On 5 July, Raqqa was taken without opposition although the Vichy continued to hold the upper hand in the air and the Vichy airforce continued to inflict casualties such that supply convoys took to travelling at night. Meanwhile, two brigade groups each with two infantry battalions—operating independently under HQ British Troops Iraq—made moves in northern Iraq: 10th Indian Infantry Division's 20th Indian Infantry Brigade made a feint from Mosul and 8th Indian Infantry Division's 17th Indian Infantry Brigade (1/12th Frontier Force Regiment and 5/13th Frontier Force Rifles) advanced into the far north-east of Syria (the Bec du Canard or Duck's Bill province) capturing a long length of railway intact and large stores of arms and ammunition whilst sustaining no casualties.
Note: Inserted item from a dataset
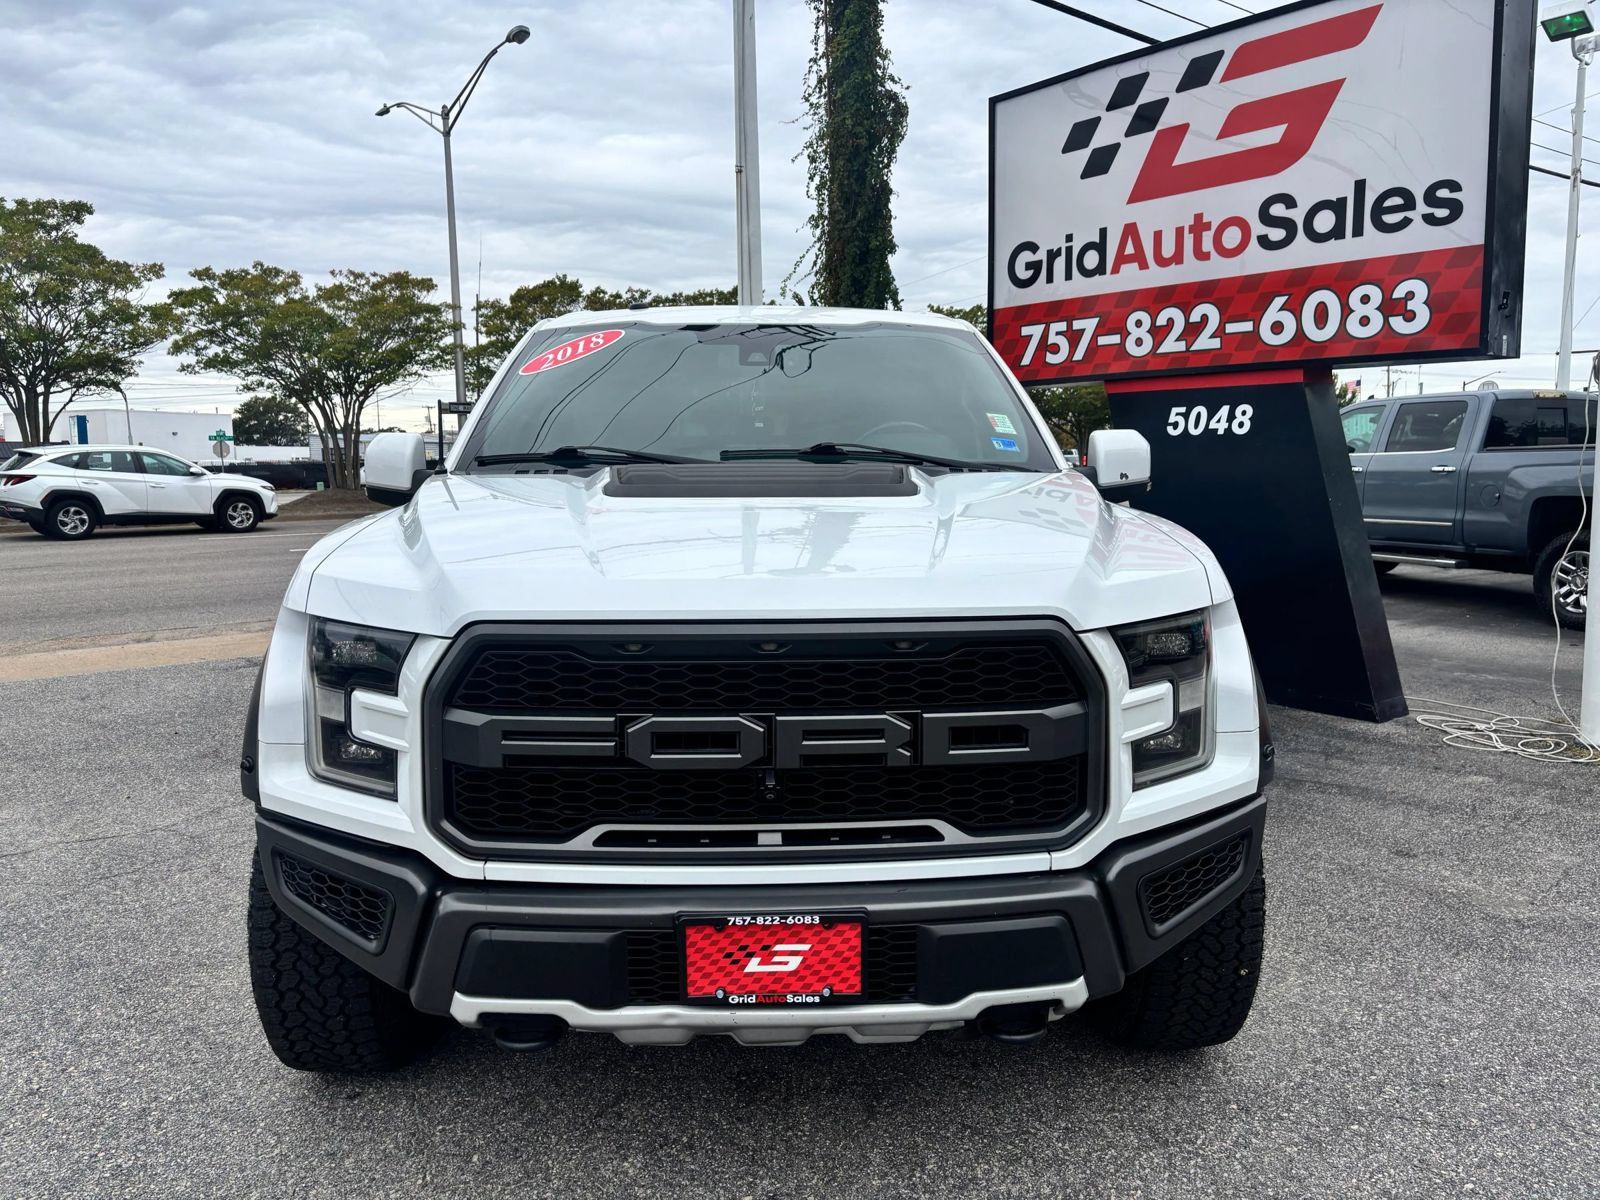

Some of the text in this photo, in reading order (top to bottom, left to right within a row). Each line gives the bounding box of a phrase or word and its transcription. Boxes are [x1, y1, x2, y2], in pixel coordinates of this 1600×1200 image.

The Vichy forces withdrew westward along the Mosul-Aleppo railway, and Slim detached some of the Gurkha and Lancers force to head northwards from Raqqa on the Euphrates. They were involved in a skirmish at the Euphrates crossing at Jarabulus.

By 8 July, 10th Indian Division was advancing on Aleppo threatening the rear of the main Vichy forces around Beirut. The Vichy position had become untenable provoking General Dentz—the Vichy commander—to ask for an armistice. Negotiations began on 11 July, and the armistice terms were signed on 14 July.